RECORDS SHOWN
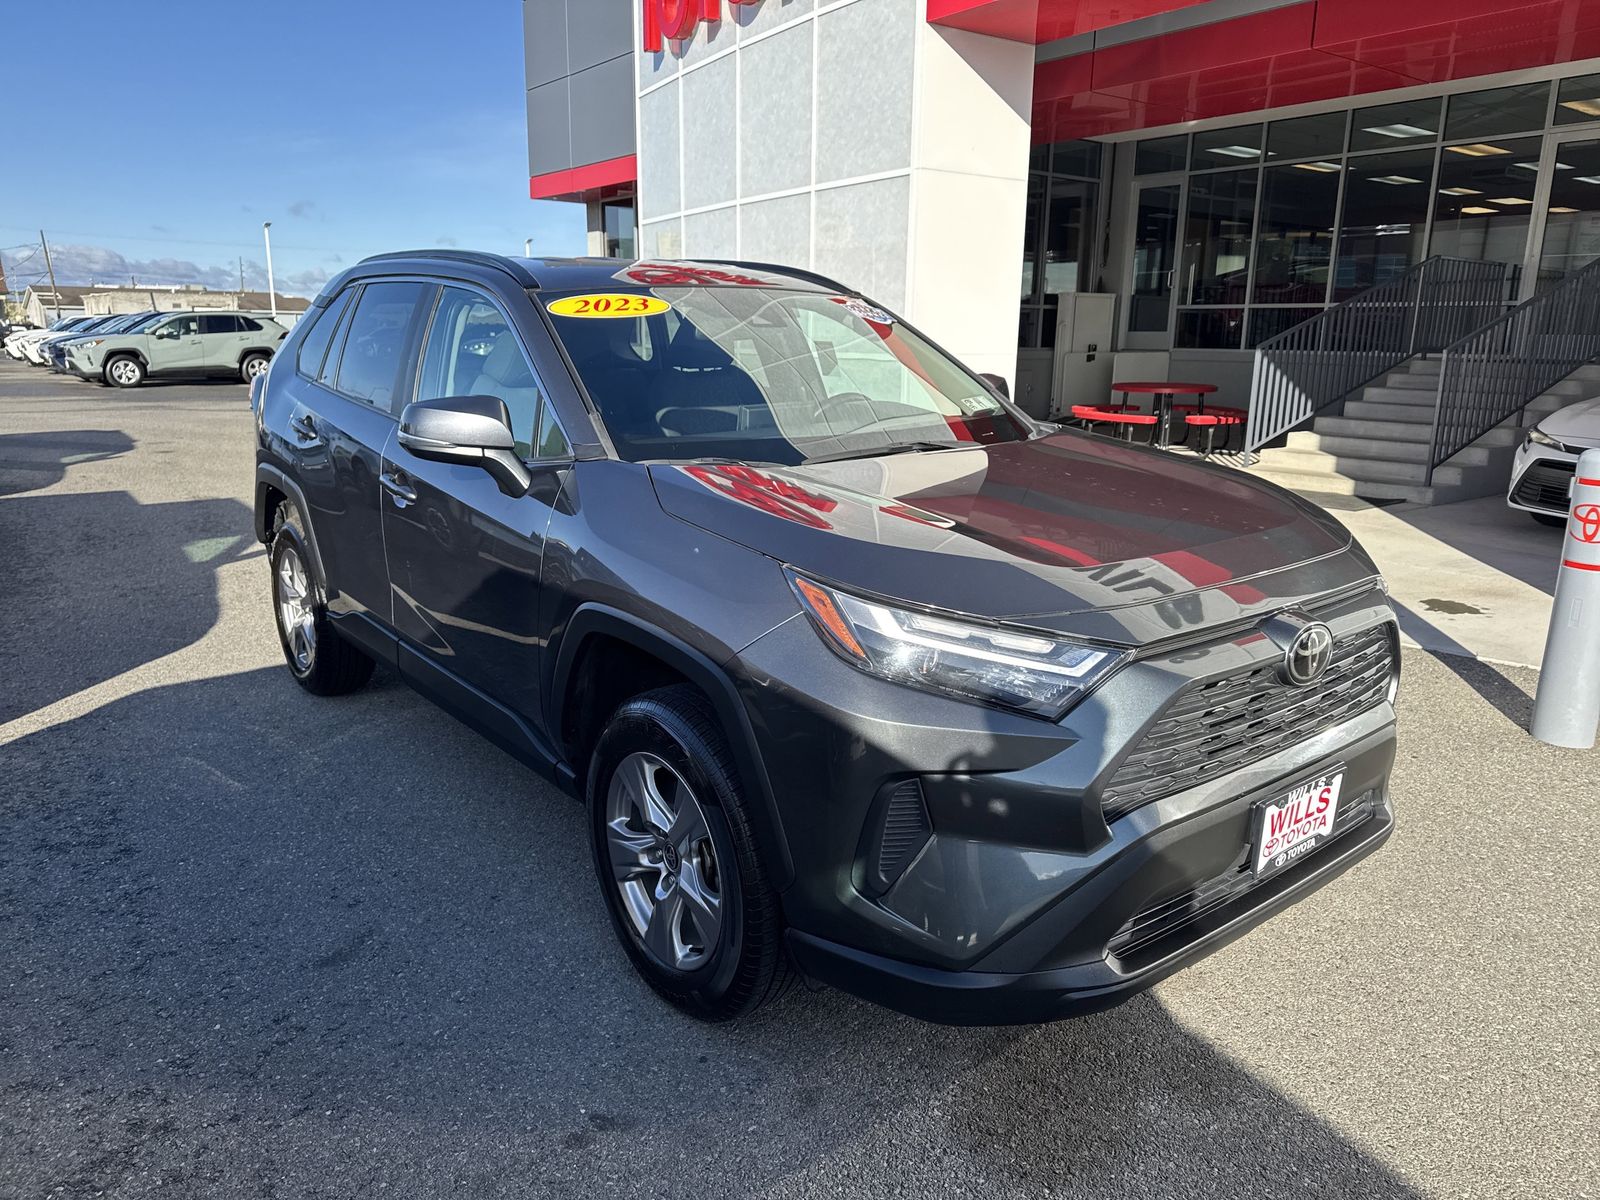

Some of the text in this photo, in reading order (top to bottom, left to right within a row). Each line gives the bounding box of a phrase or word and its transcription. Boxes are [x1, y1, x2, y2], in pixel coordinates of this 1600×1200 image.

[573, 298, 649, 313] 2023
[1287, 777, 1327, 803] WILLS
[1270, 787, 1331, 837] WILLS
[1280, 814, 1327, 848] TOYOTA
[1287, 838, 1316, 860] TOYOTA
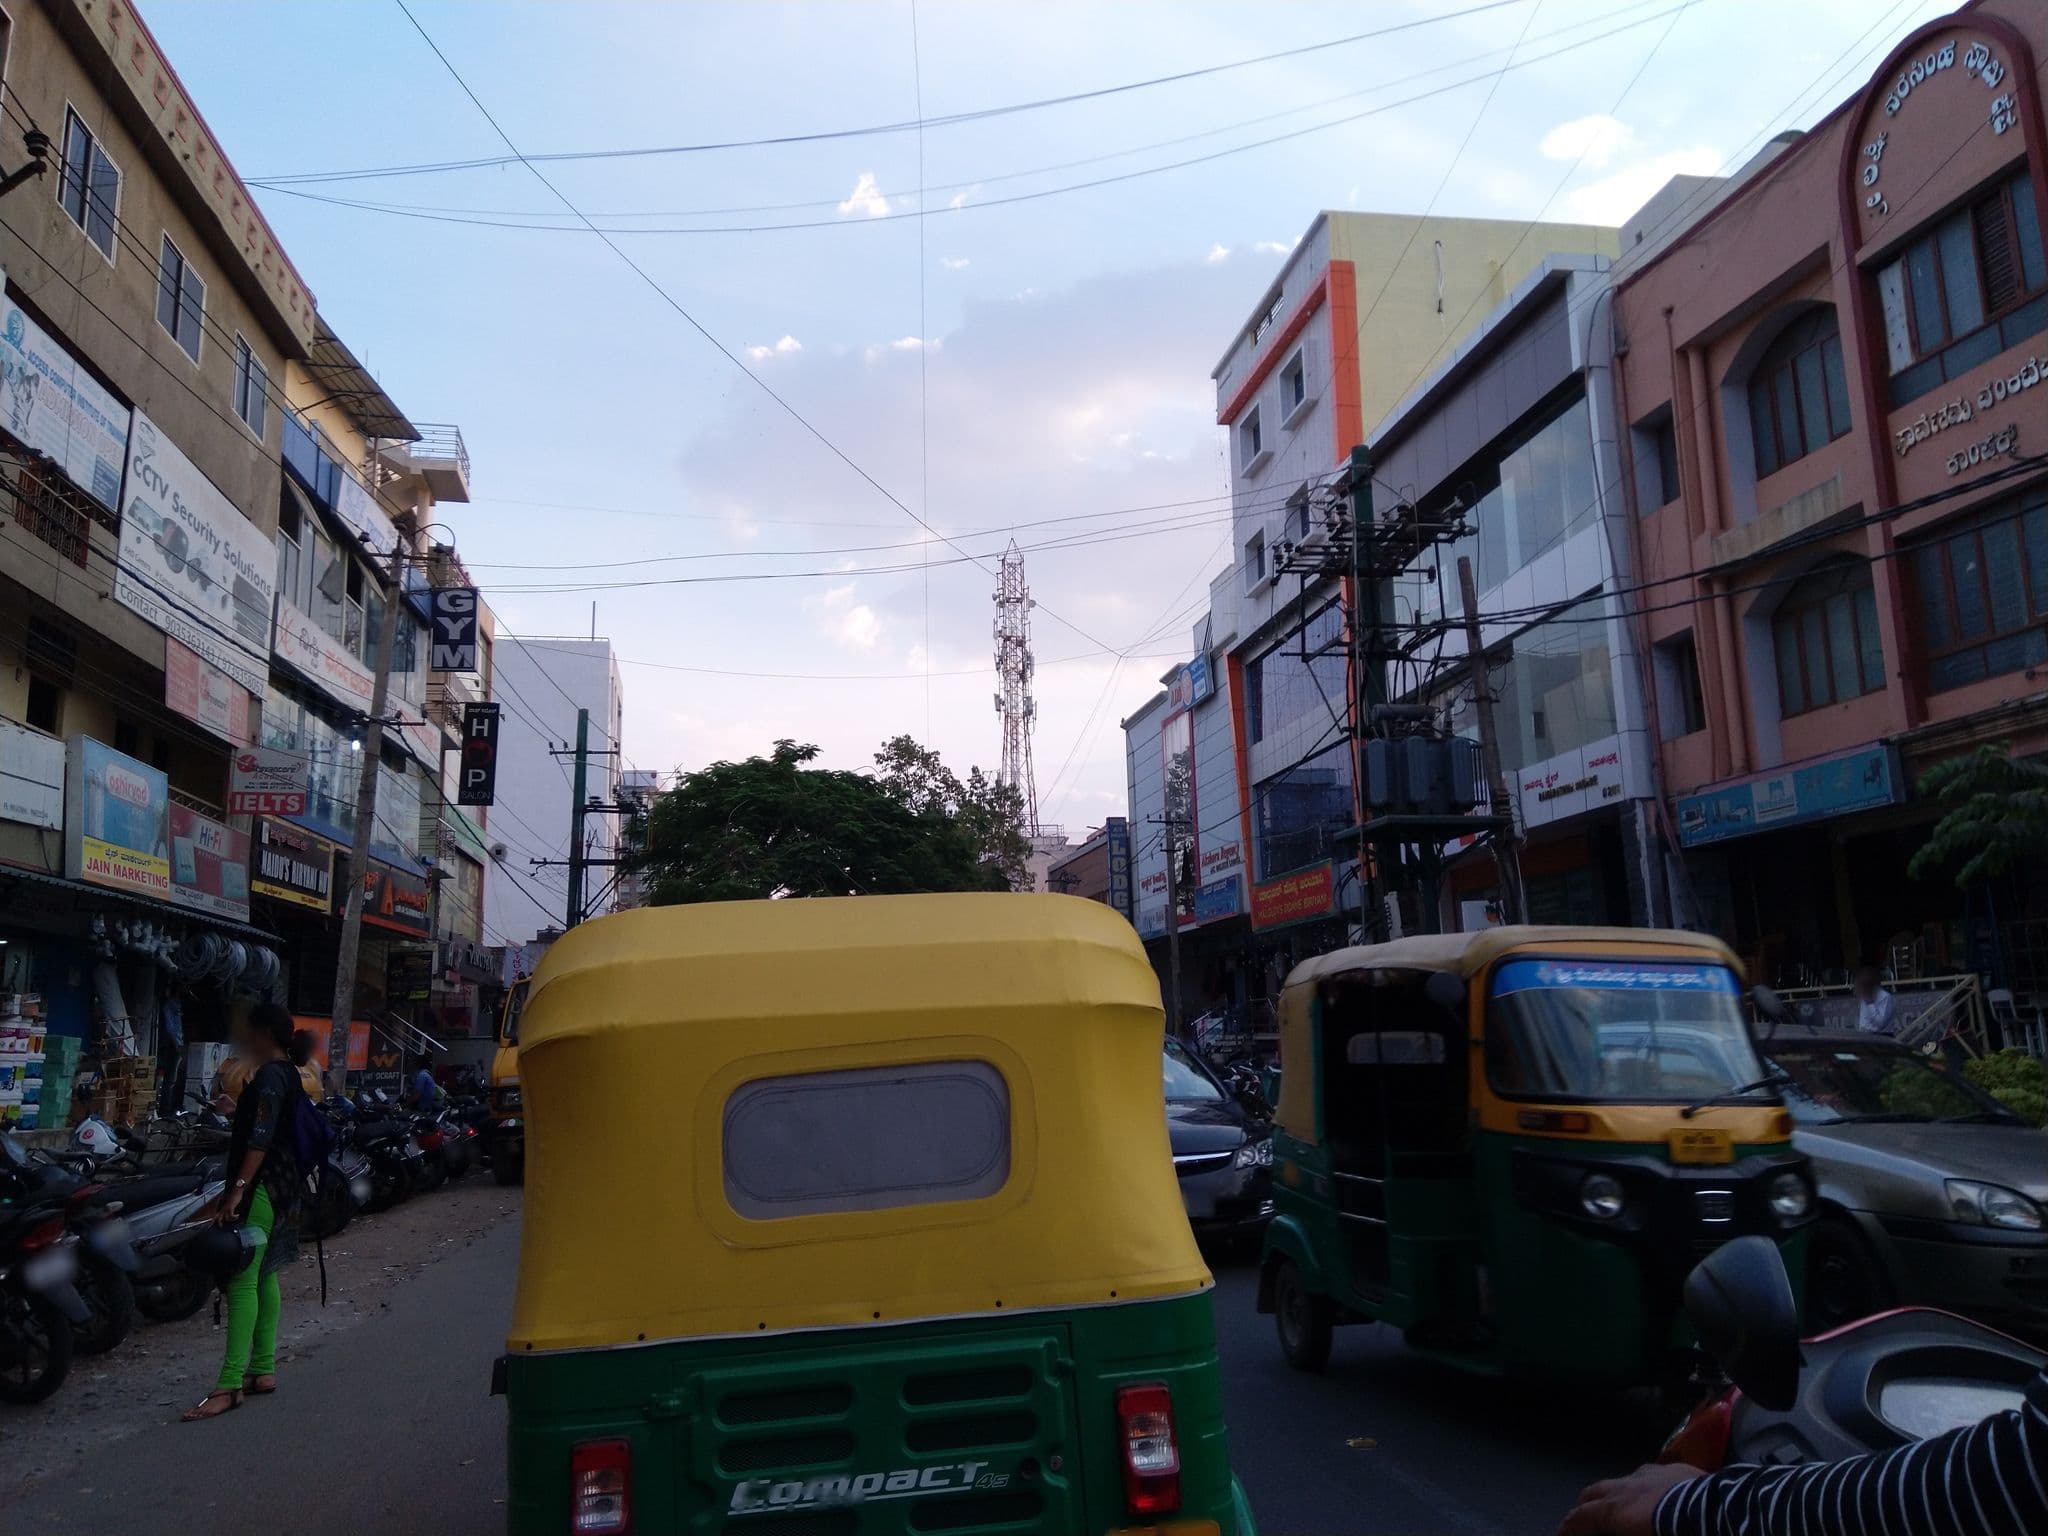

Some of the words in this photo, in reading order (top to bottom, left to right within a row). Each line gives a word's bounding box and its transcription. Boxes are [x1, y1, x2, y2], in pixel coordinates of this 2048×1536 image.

[132, 454, 170, 501] CCTV
[171, 490, 221, 555] Security
[223, 540, 272, 597] Solutions
[120, 583, 158, 623] Contact
[433, 590, 475, 668] GYM
[234, 794, 300, 812] IELTS
[463, 790, 491, 800] SALON
[199, 825, 222, 851] Hi-Fi
[87, 857, 110, 875] JAIN
[113, 863, 168, 889] MARKETING
[262, 849, 290, 882] NAIDU'S
[291, 860, 318, 891] BIRYANI
[730, 1462, 988, 1510] Compact

AIM OF THE EXERCISE
Output exactly the line containing "Some of the words" together with every line after it, ending at the final line of the entries.

ANSWER FOR THE TASK
Some of the words in this photo, in reading order (top to bottom, left to right within a row). Each line gives a word's bounding box and its transcription. Boxes are [x1, y1, x2, y2], in pixel coordinates of this 2048×1536 image.

[132, 454, 170, 501] CCTV
[171, 490, 221, 555] Security
[223, 540, 272, 597] Solutions
[120, 583, 158, 623] Contact
[433, 590, 475, 668] GYM
[234, 794, 300, 812] IELTS
[463, 790, 491, 800] SALON
[199, 825, 222, 851] Hi-Fi
[87, 857, 110, 875] JAIN
[113, 863, 168, 889] MARKETING
[262, 849, 290, 882] NAIDU'S
[291, 860, 318, 891] BIRYANI
[730, 1462, 988, 1510] Compact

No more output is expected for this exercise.